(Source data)
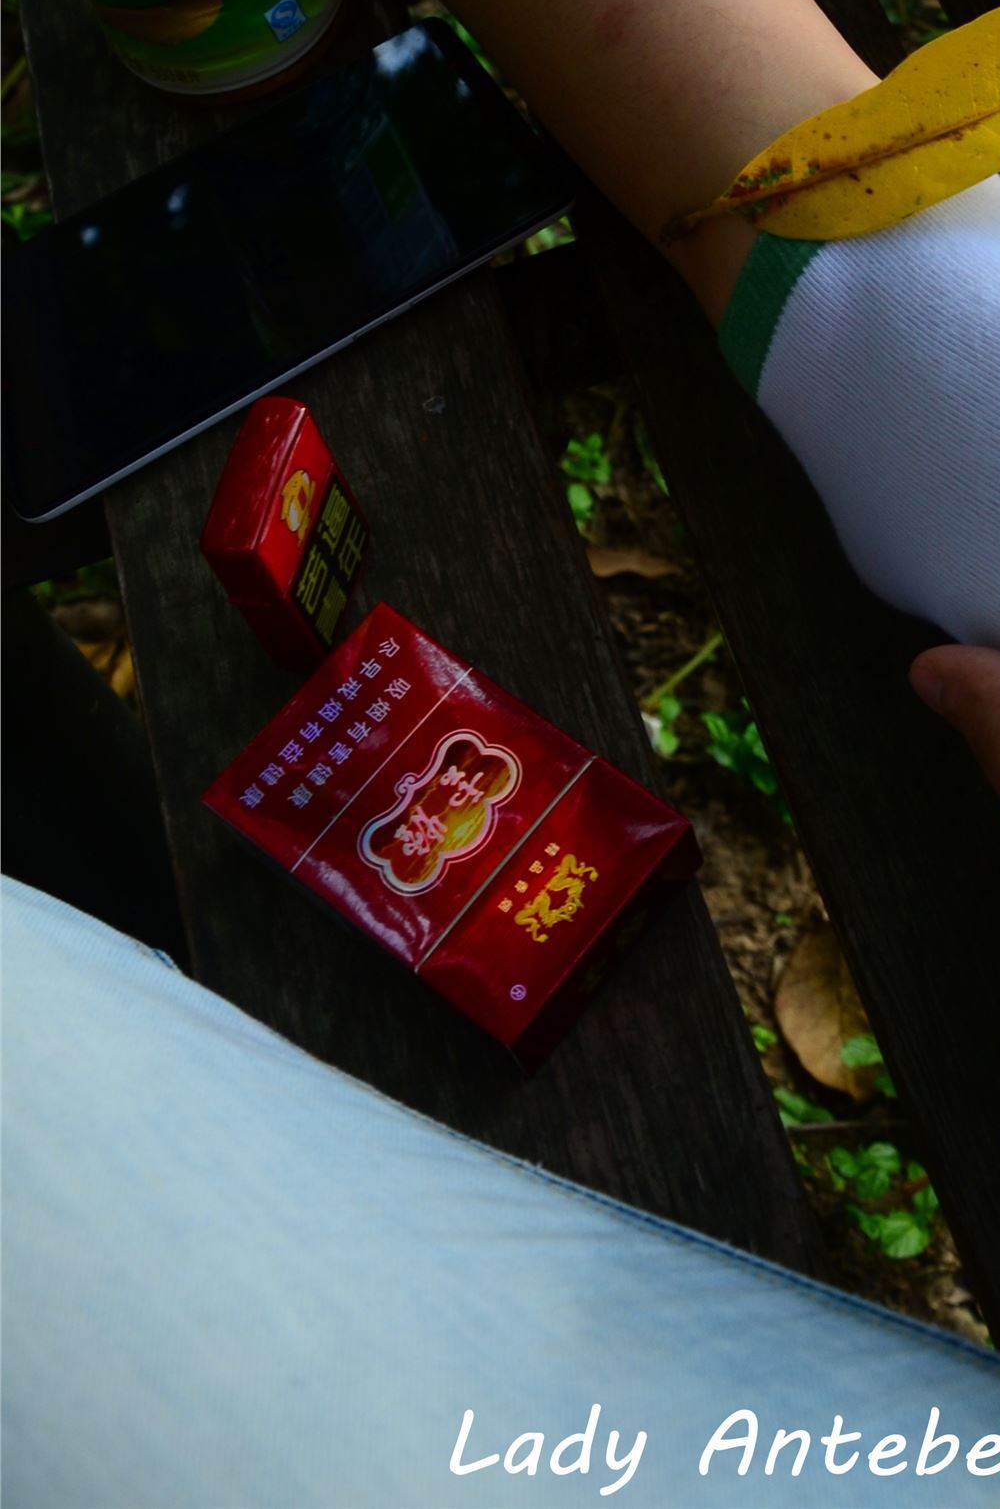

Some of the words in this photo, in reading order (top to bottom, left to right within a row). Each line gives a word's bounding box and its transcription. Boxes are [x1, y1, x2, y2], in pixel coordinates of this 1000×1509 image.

[237, 638, 400, 810] 尽早戒烟有益健康
[285, 675, 411, 810] 吸烟有害健康
[495, 840, 561, 913] 精品香烟
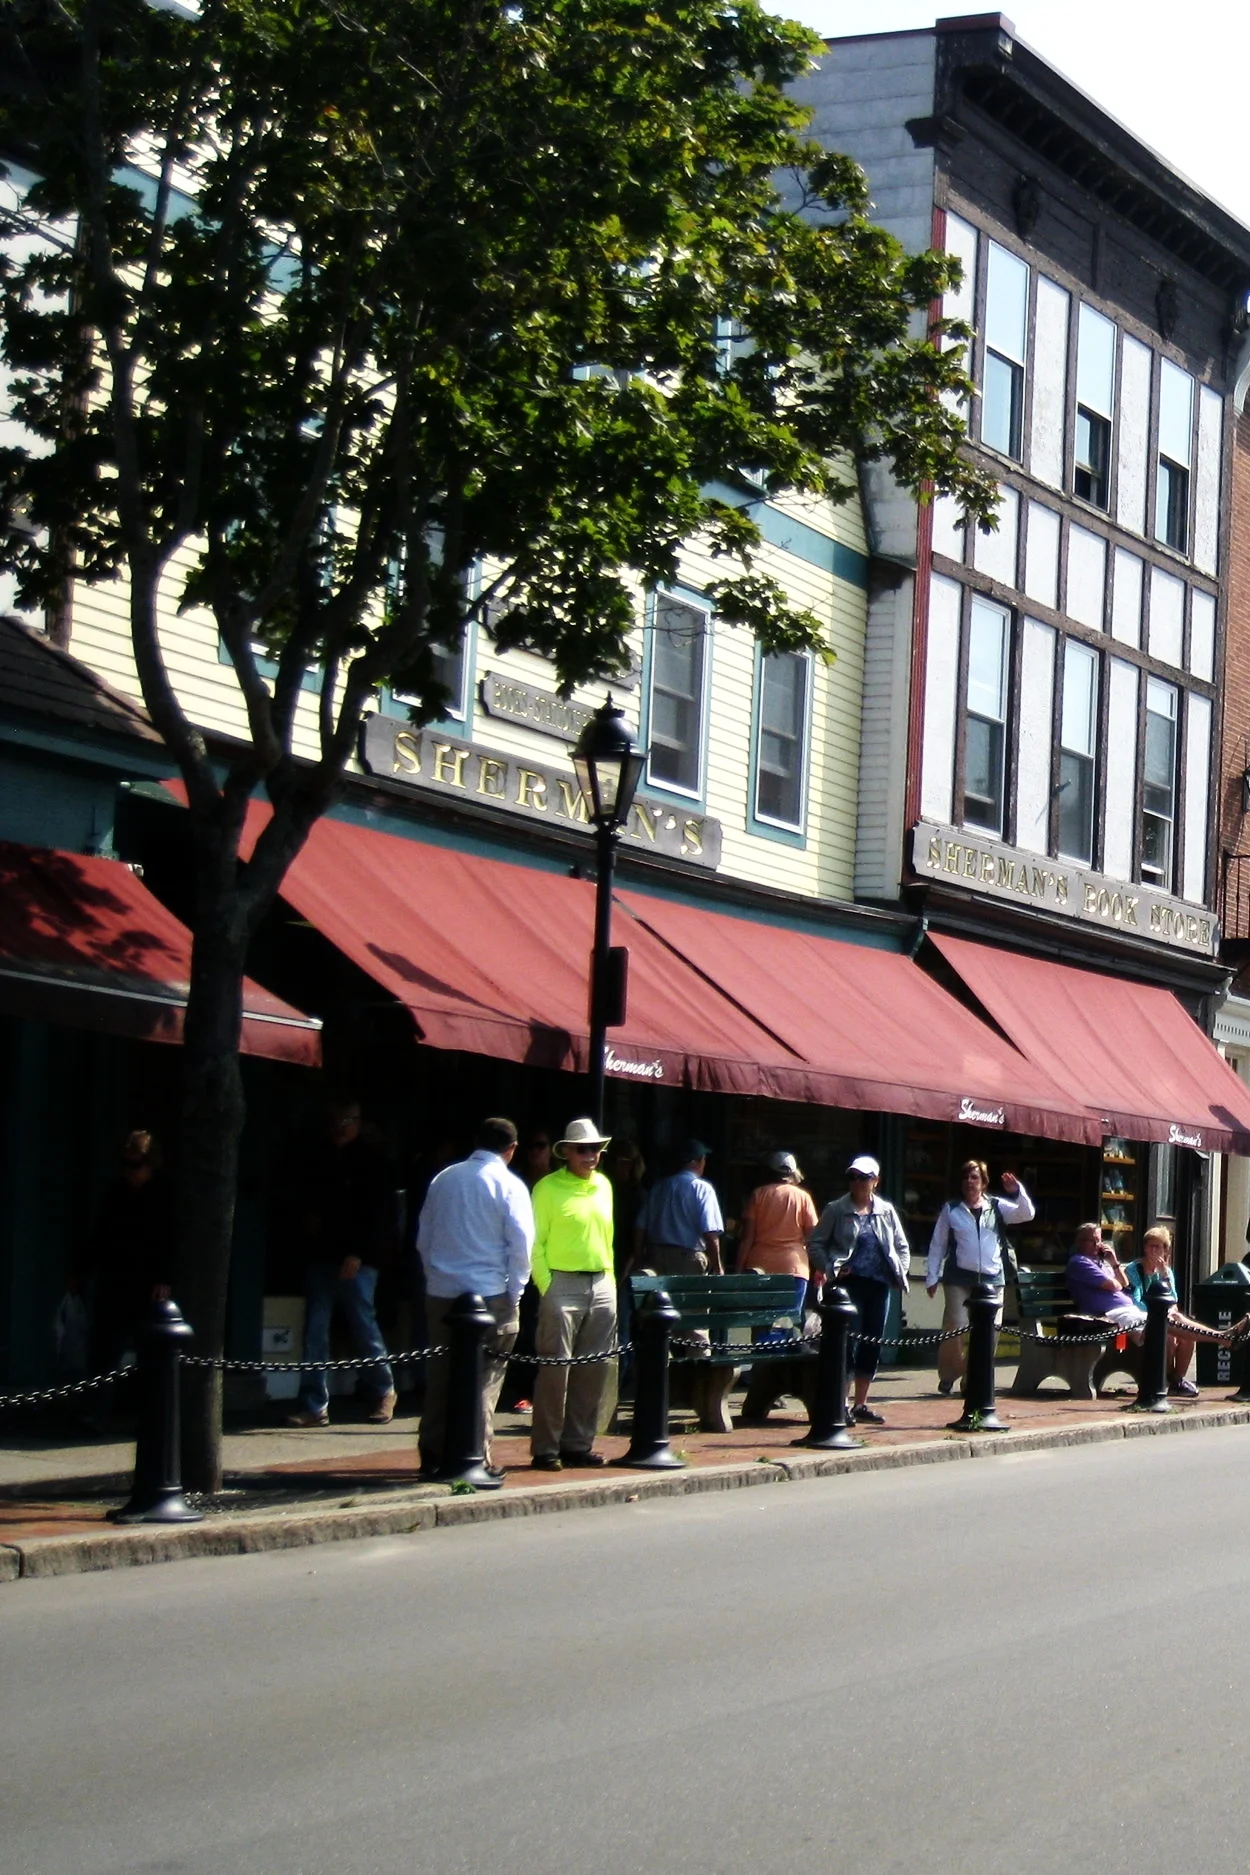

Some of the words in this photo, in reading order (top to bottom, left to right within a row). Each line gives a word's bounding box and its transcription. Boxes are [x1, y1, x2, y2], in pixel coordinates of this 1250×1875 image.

[393, 730, 703, 856] SHERMN'S
[927, 837, 1069, 905] SHERMAN'S
[1082, 882, 1139, 926] BOOK
[1150, 904, 1211, 947] STORE
[604, 1046, 664, 1078] herman's
[958, 1098, 1006, 1125] Sherman's
[1217, 1311, 1232, 1381] RECLE
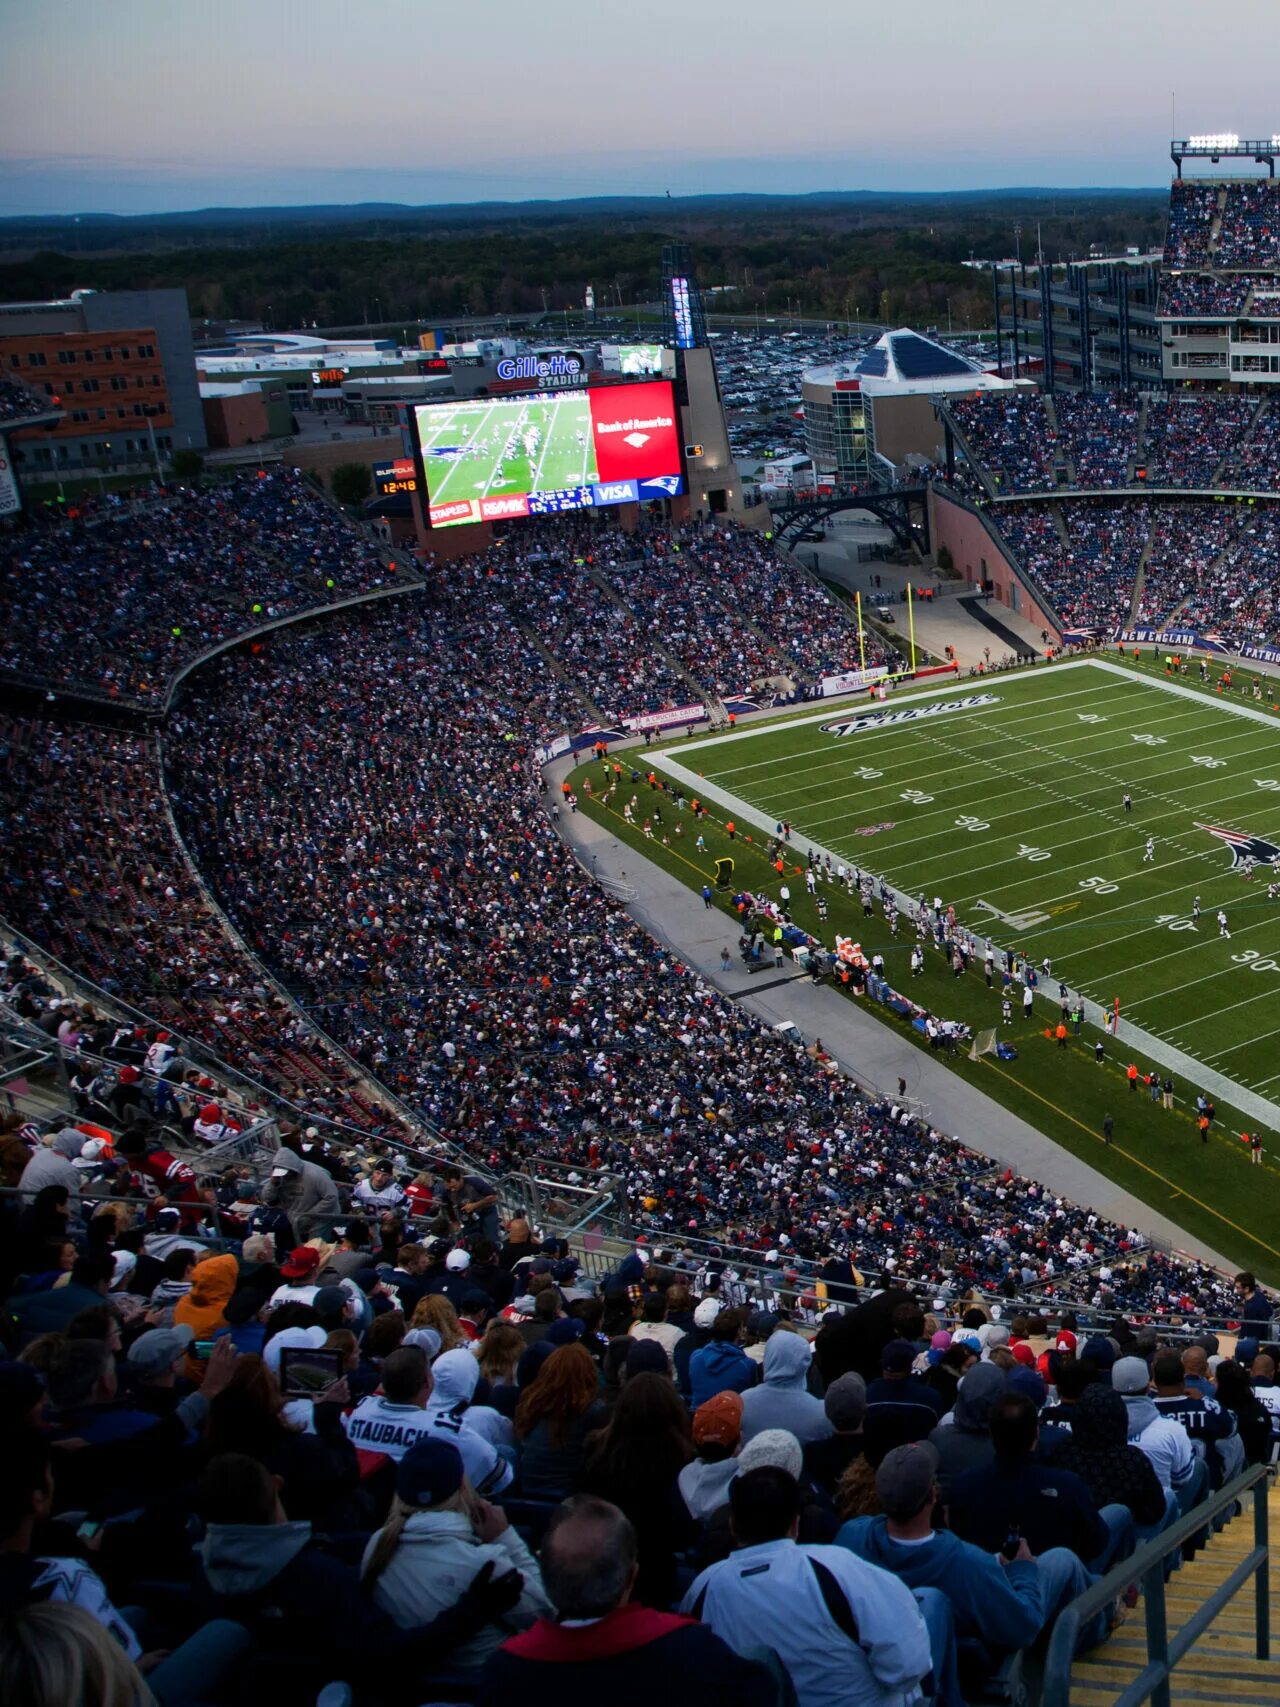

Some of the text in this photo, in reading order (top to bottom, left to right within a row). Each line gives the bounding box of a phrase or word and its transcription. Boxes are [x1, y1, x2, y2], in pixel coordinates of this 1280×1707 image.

[447, 358, 478, 366] SCENE
[497, 355, 581, 380] Gillette
[538, 373, 589, 388] STADIUM
[597, 416, 672, 433] Bank of America
[694, 446, 702, 456] 5
[376, 467, 415, 476] SUFFOLK
[383, 481, 416, 493] 12:48
[596, 485, 633, 500] VISA
[430, 503, 470, 521] STAPLES
[482, 498, 527, 516] RE/MAX
[530, 502, 543, 513] 13
[581, 495, 593, 507] 10
[1121, 631, 1194, 645] NEW ENGLAND
[820, 694, 1004, 738] Patriots
[899, 790, 935, 805] 20
[955, 815, 991, 832] 30
[1016, 845, 1052, 862] 40
[1078, 876, 1120, 894] 50
[1154, 914, 1195, 931] 40
[1231, 950, 1277, 973] 30
[349, 1417, 429, 1447] STAUBACH

_TASK DIRECTIONS:_ Keep every word of the records above exactly, and return them with no pictures.

_RESULT FOR THIS TASK:_
Some of the words in this photo, in reading order (top to bottom, left to right within a row). Each line gives a word's bounding box and its transcription. Boxes are [x1, y1, x2, y2], in pixel coordinates of this 1000×1509 image.

[237, 638, 400, 810] 尽早戒烟有益健康
[285, 675, 411, 810] 吸烟有害健康
[495, 840, 561, 913] 精品香烟

Some of the words in this photo, in reading order (top to bottom, left to right within a row). Each line gives a word's bounding box and its transcription. Boxes are [x1, y1, x2, y2], in pixel coordinates of this 1250×1875 image.

[393, 730, 703, 856] SHERMN'S
[927, 837, 1069, 905] SHERMAN'S
[1082, 882, 1139, 926] BOOK
[1150, 904, 1211, 947] STORE
[604, 1046, 664, 1078] herman's
[958, 1098, 1006, 1125] Sherman's
[1217, 1311, 1232, 1381] RECLE

Some of the text in this photo, in reading order (top to bottom, left to right within a row). Each line gives the bounding box of a phrase or word and its transcription. Boxes are [x1, y1, x2, y2], in pixel coordinates of this 1280×1707 image.

[447, 358, 478, 366] SCENE
[497, 355, 581, 380] Gillette
[538, 373, 589, 388] STADIUM
[597, 416, 672, 433] Bank of America
[694, 446, 702, 456] 5
[376, 467, 415, 476] SUFFOLK
[383, 481, 416, 493] 12:48
[596, 485, 633, 500] VISA
[430, 503, 470, 521] STAPLES
[482, 498, 527, 516] RE/MAX
[530, 502, 543, 513] 13
[581, 495, 593, 507] 10
[1121, 631, 1194, 645] NEW ENGLAND
[820, 694, 1004, 738] Patriots
[899, 790, 935, 805] 20
[955, 815, 991, 832] 30
[1016, 845, 1052, 862] 40
[1078, 876, 1120, 894] 50
[1154, 914, 1195, 931] 40
[1231, 950, 1277, 973] 30
[349, 1417, 429, 1447] STAUBACH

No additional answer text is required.